**Data supplied:**
───

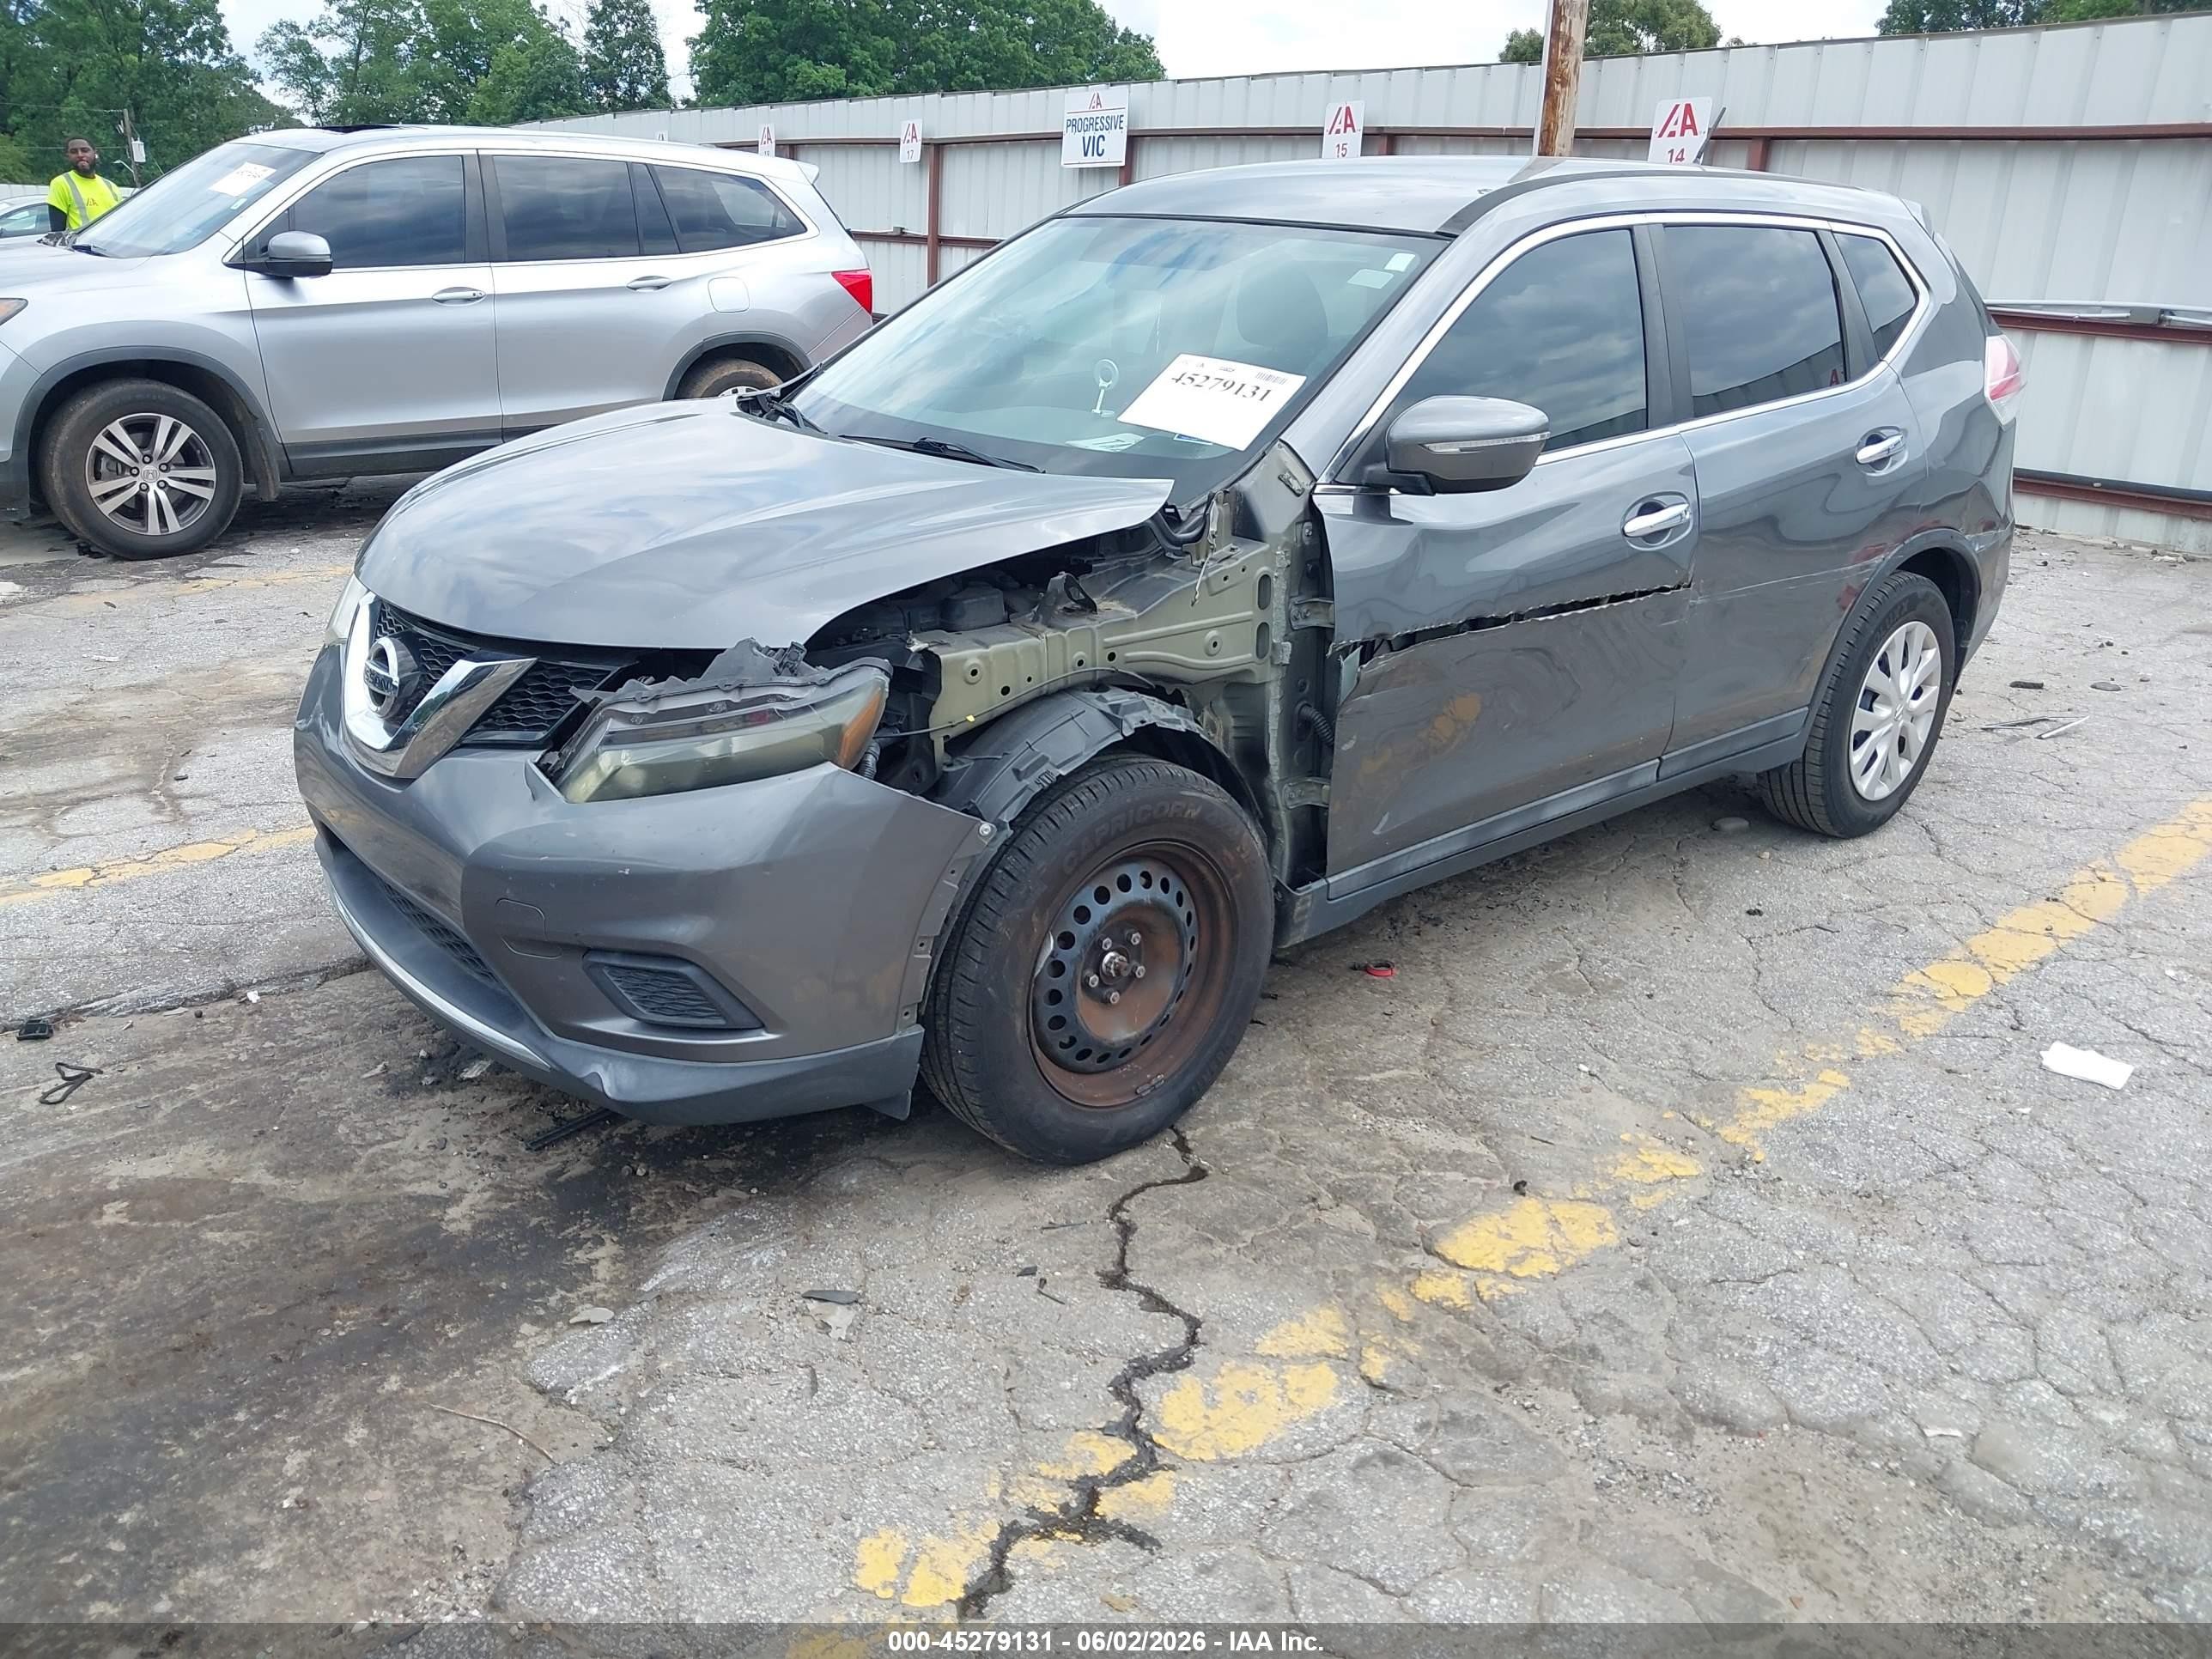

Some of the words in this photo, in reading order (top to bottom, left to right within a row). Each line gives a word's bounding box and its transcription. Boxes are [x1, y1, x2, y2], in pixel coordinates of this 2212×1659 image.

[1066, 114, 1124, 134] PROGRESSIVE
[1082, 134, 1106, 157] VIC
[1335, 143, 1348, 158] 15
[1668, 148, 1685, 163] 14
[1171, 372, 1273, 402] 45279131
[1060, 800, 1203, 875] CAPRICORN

───

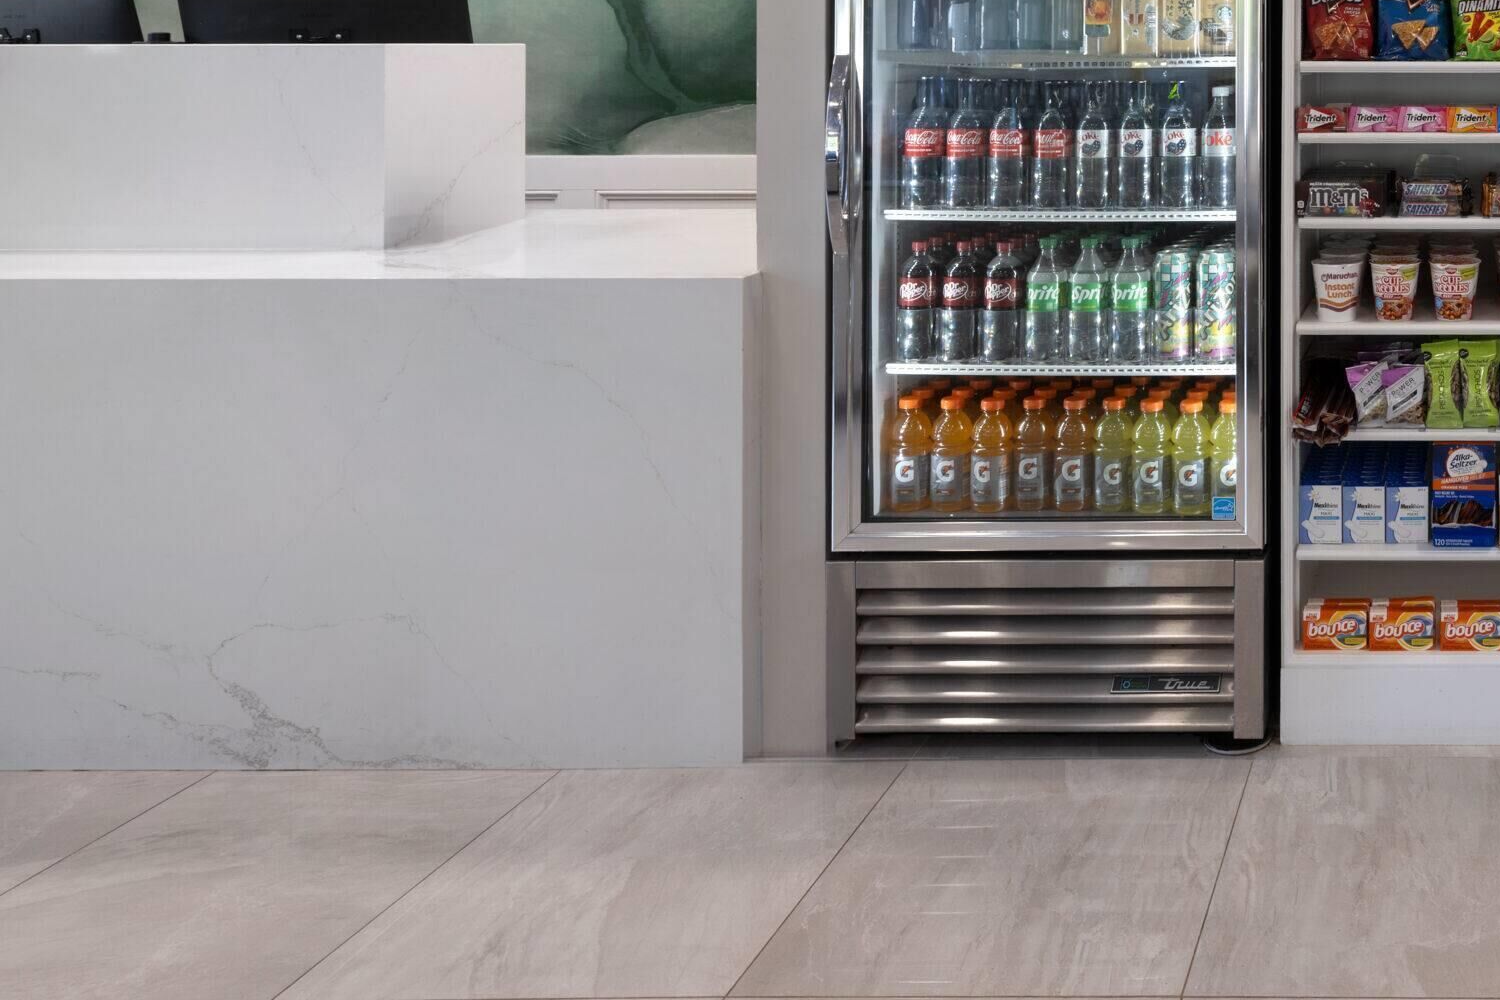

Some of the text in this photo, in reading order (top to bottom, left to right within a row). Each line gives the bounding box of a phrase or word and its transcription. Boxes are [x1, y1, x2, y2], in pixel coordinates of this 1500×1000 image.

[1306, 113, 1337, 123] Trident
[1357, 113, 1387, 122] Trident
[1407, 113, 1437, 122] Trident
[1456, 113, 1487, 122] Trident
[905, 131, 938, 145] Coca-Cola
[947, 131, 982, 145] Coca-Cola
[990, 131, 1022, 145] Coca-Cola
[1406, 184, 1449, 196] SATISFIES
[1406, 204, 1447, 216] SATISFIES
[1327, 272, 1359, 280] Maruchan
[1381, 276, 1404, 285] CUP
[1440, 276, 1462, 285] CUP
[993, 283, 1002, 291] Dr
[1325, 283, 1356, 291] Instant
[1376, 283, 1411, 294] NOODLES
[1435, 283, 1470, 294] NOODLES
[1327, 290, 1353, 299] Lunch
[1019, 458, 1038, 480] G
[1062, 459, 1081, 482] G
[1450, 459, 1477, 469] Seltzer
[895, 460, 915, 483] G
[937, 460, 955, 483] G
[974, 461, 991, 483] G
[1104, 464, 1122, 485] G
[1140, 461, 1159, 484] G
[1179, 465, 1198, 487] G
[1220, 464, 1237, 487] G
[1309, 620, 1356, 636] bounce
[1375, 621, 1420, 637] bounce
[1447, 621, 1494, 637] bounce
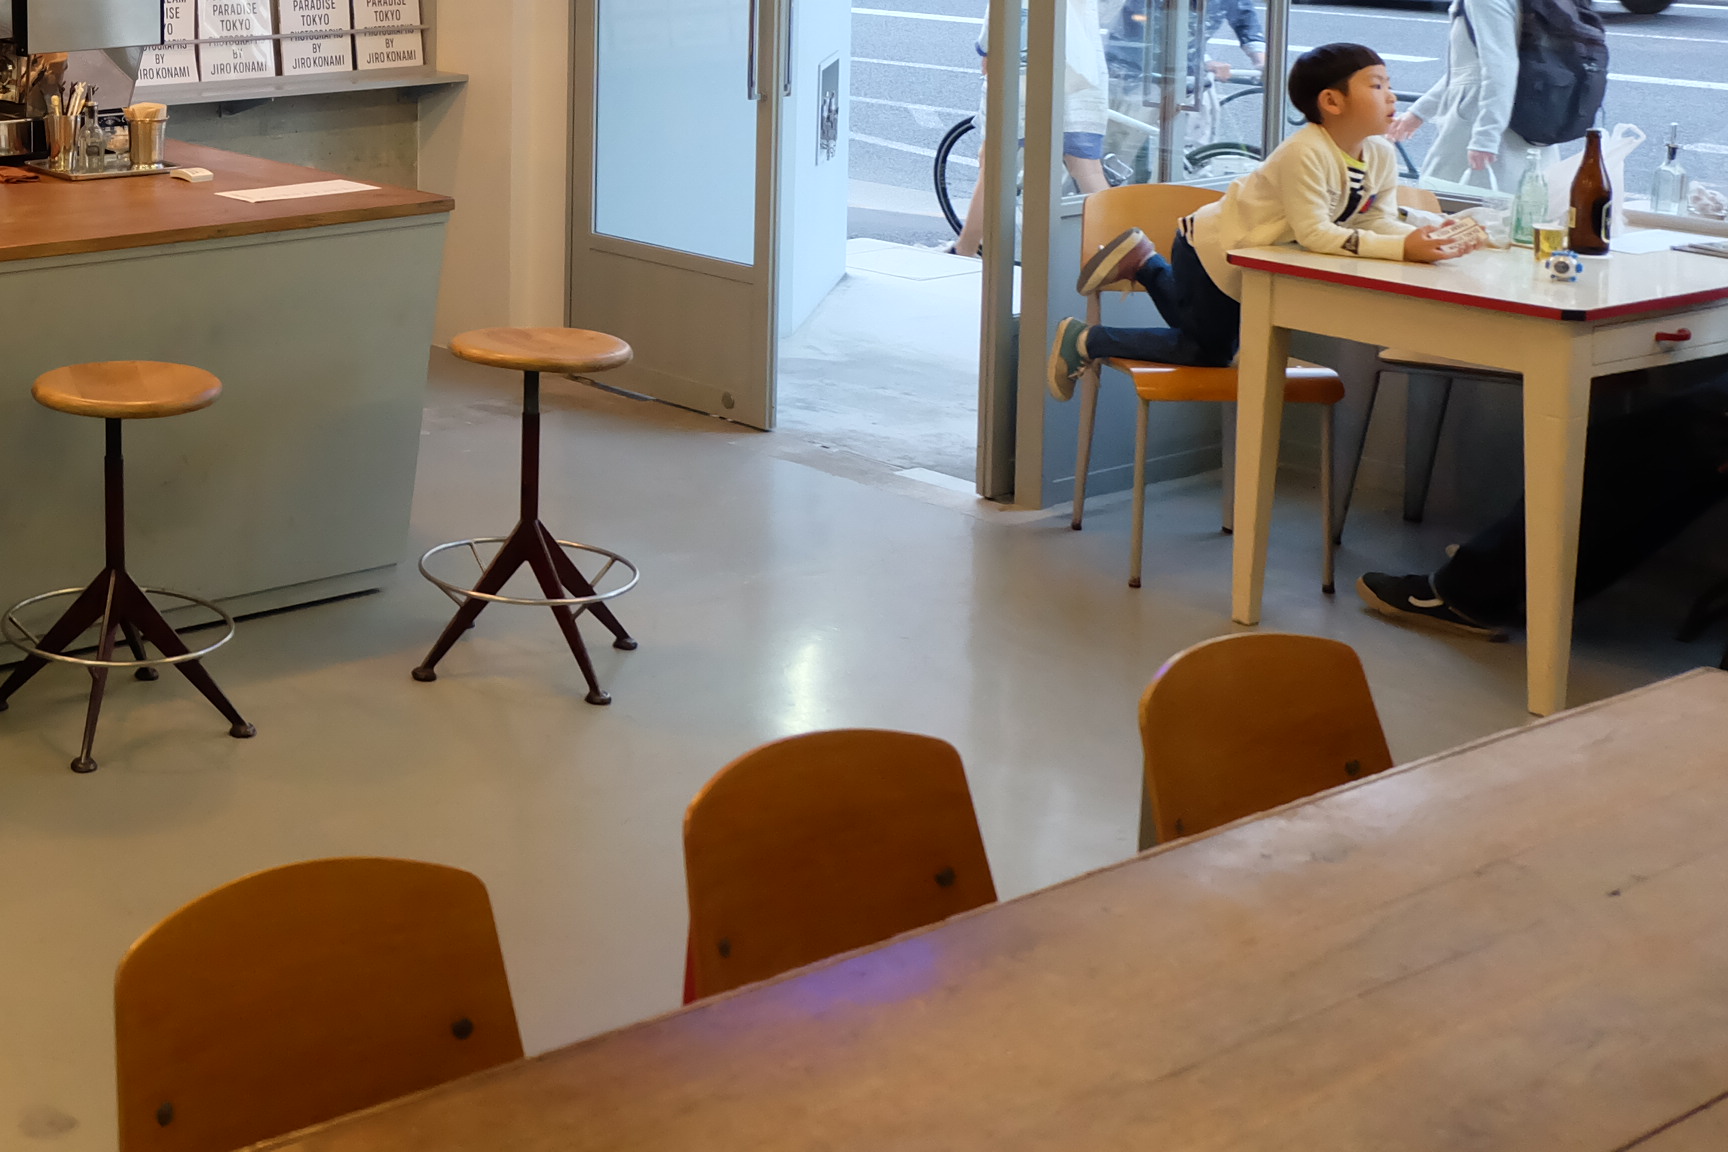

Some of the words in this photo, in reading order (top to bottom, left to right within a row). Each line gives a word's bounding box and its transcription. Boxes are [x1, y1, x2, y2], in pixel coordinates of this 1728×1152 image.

───

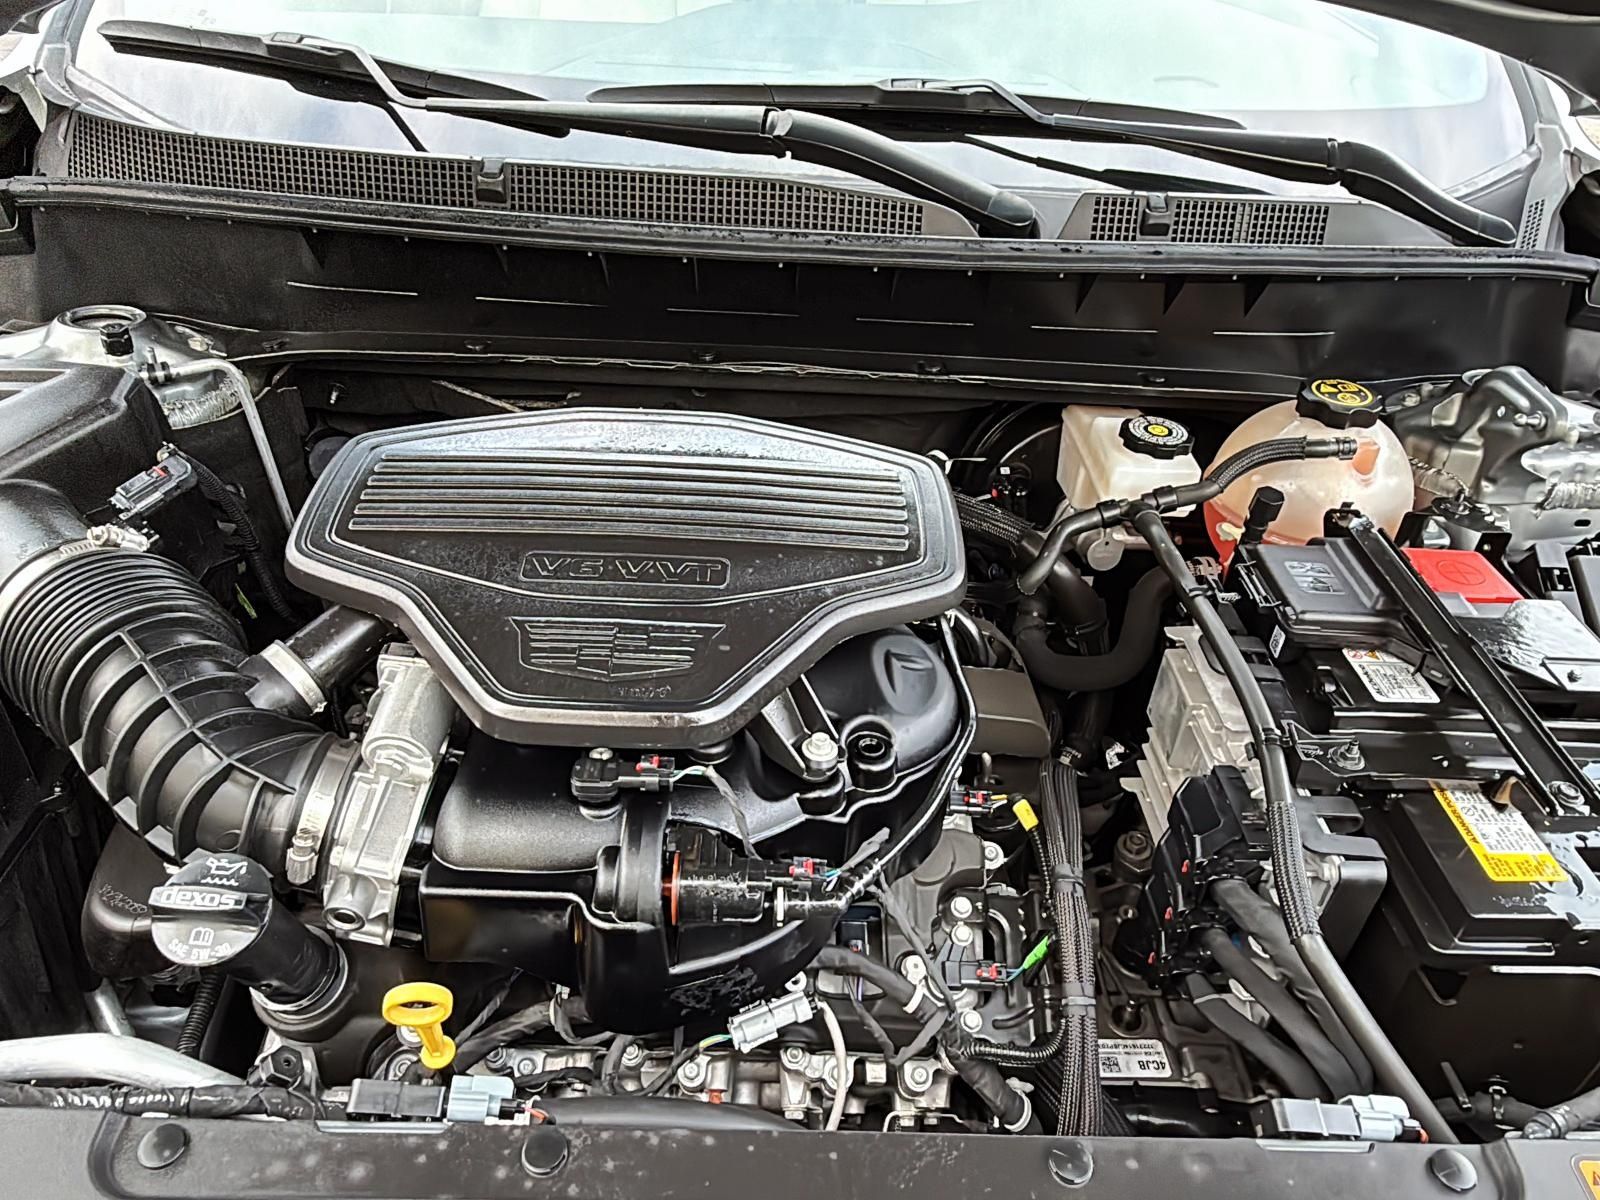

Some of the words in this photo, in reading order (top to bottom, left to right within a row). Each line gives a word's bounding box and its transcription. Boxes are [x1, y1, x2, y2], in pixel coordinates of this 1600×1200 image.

───

Beginning with the line holding "Some of the text" in the material above, restate word for word each line through the line holding "this 1728×1152 image.", and exclude pictures.

**Response:**
Some of the text in this photo, in reading order (top to bottom, left to right within a row). Each line gives the bounding box of a phrase or word and its transcription. Boxes are [x1, y1, x2, y2], in pixel coordinates of this 1500×1000 image.

[1306, 113, 1337, 123] Trident
[1357, 113, 1387, 122] Trident
[1407, 113, 1437, 122] Trident
[1456, 113, 1487, 122] Trident
[905, 131, 938, 145] Coca-Cola
[947, 131, 982, 145] Coca-Cola
[990, 131, 1022, 145] Coca-Cola
[1406, 184, 1449, 196] SATISFIES
[1406, 204, 1447, 216] SATISFIES
[1327, 272, 1359, 280] Maruchan
[1381, 276, 1404, 285] CUP
[1440, 276, 1462, 285] CUP
[993, 283, 1002, 291] Dr
[1325, 283, 1356, 291] Instant
[1376, 283, 1411, 294] NOODLES
[1435, 283, 1470, 294] NOODLES
[1327, 290, 1353, 299] Lunch
[1019, 458, 1038, 480] G
[1062, 459, 1081, 482] G
[1450, 459, 1477, 469] Seltzer
[895, 460, 915, 483] G
[937, 460, 955, 483] G
[974, 461, 991, 483] G
[1104, 464, 1122, 485] G
[1140, 461, 1159, 484] G
[1179, 465, 1198, 487] G
[1220, 464, 1237, 487] G
[1309, 620, 1356, 636] bounce
[1375, 621, 1420, 637] bounce
[1447, 621, 1494, 637] bounce

Some of the words in this photo, in reading order (top to bottom, left to right within a row). Each line gives a word's bounding box and its transcription. Boxes are [x1, y1, x2, y2], in pixel coordinates of this 1728×1152 image.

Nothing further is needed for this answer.